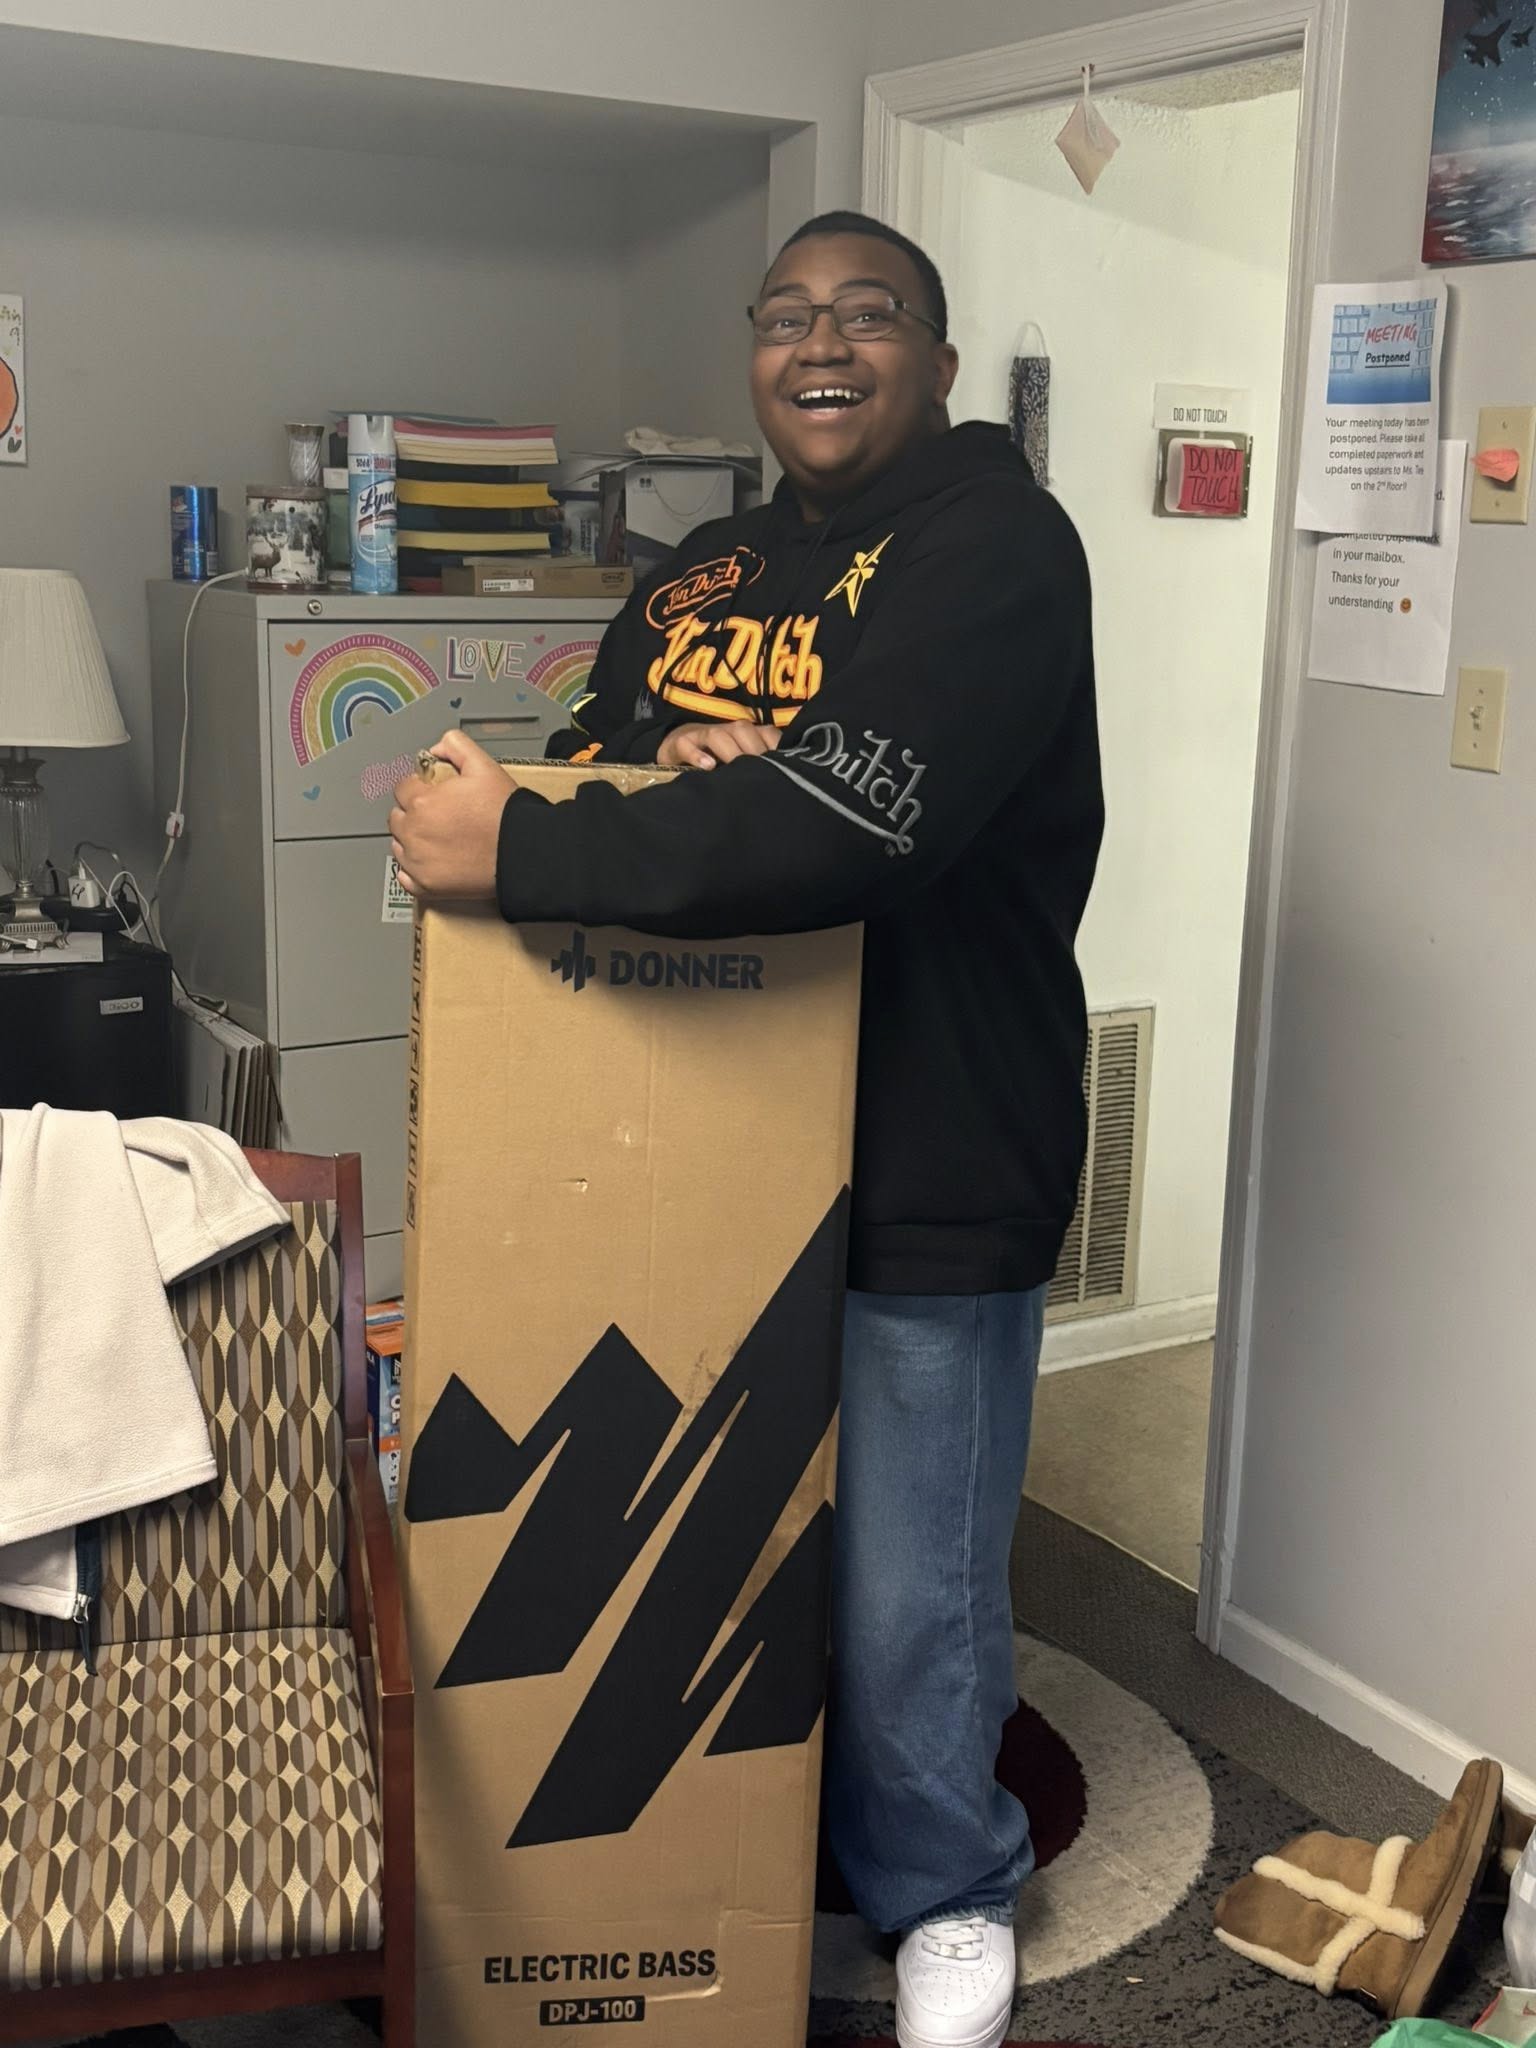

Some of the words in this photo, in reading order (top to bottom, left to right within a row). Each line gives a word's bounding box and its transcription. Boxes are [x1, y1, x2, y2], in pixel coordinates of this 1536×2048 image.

[1365, 323, 1418, 345] MEETING
[1365, 351, 1411, 366] Postponed
[1173, 407, 1185, 421] DO
[1186, 408, 1201, 422] NOT
[1203, 408, 1228, 423] TOUCH
[1325, 417, 1347, 428] Your
[1349, 418, 1383, 429] meeting
[1384, 417, 1403, 429] today
[1404, 417, 1416, 427] has
[1380, 433, 1403, 443] Please
[1404, 433, 1417, 443] take
[1189, 447, 1210, 474] DO
[1213, 449, 1238, 473] NOT
[1329, 449, 1375, 460] completed
[1376, 449, 1412, 460] paperwork
[1325, 465, 1362, 476] updates
[1364, 466, 1392, 476] upstairs
[1393, 466, 1401, 475] to
[1188, 475, 1239, 505] TOUCH
[1351, 482, 1361, 490] on
[1363, 481, 1375, 490] the
[1333, 548, 1342, 559] in
[1343, 550, 1363, 562] your
[1365, 551, 1405, 564] mailbox.
[1332, 571, 1362, 585] Thanks
[1364, 573, 1376, 585] for
[1377, 575, 1400, 588] your
[1328, 595, 1394, 613] understanding
[447, 636, 527, 682] LOVE
[780, 721, 928, 855] Dutch
[608, 950, 764, 990] DONNER
[484, 1952, 630, 1984] ELECTRIC
[638, 1949, 716, 1979] BASS
[549, 1999, 637, 2024] DPJ-100
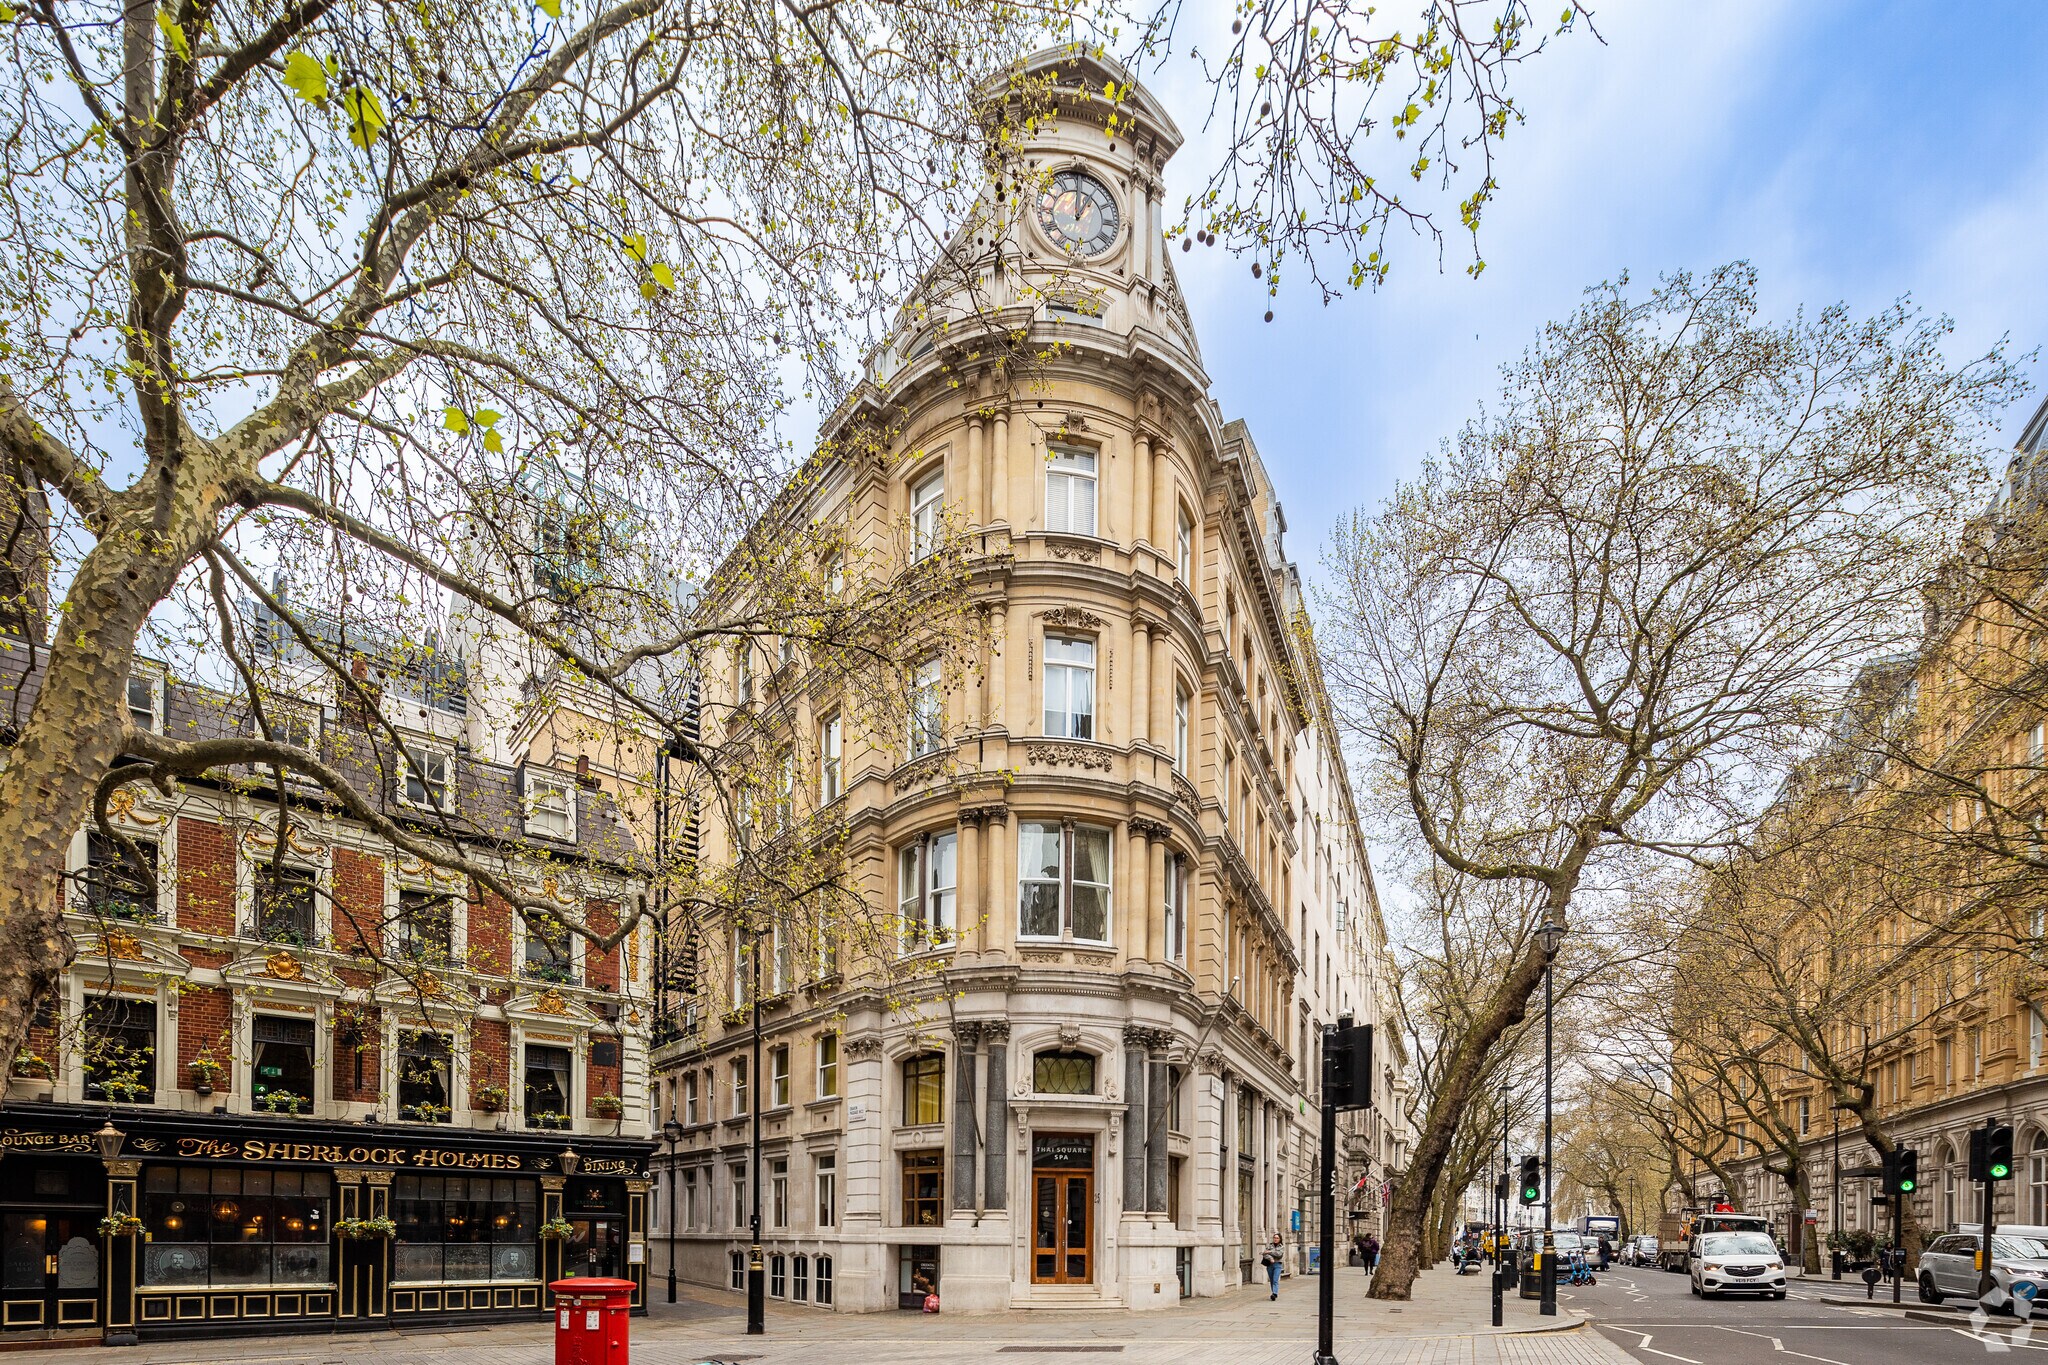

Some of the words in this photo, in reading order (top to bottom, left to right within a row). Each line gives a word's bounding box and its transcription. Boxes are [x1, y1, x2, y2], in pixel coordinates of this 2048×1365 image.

[0, 1135, 54, 1146] OUNGE
[59, 1134, 91, 1144] BAR
[176, 1138, 239, 1158] The
[242, 1140, 406, 1164] SHERLOCK
[413, 1149, 521, 1169] HOLMES
[584, 1161, 626, 1171] DINING

◆ Task instructions: Reproduce only the lines running from the one that contains "this 2048×1365 image." to the last line of the records.

◆ Solution for this problem:
Some of the words in this photo, in reading order (top to bottom, left to right within a row). Each line gives a word's bounding box and its transcription. Boxes are [x1, y1, x2, y2], in pixel coordinates of this 2048×1365 image.

[0, 1135, 54, 1146] OUNGE
[59, 1134, 91, 1144] BAR
[176, 1138, 239, 1158] The
[242, 1140, 406, 1164] SHERLOCK
[413, 1149, 521, 1169] HOLMES
[584, 1161, 626, 1171] DINING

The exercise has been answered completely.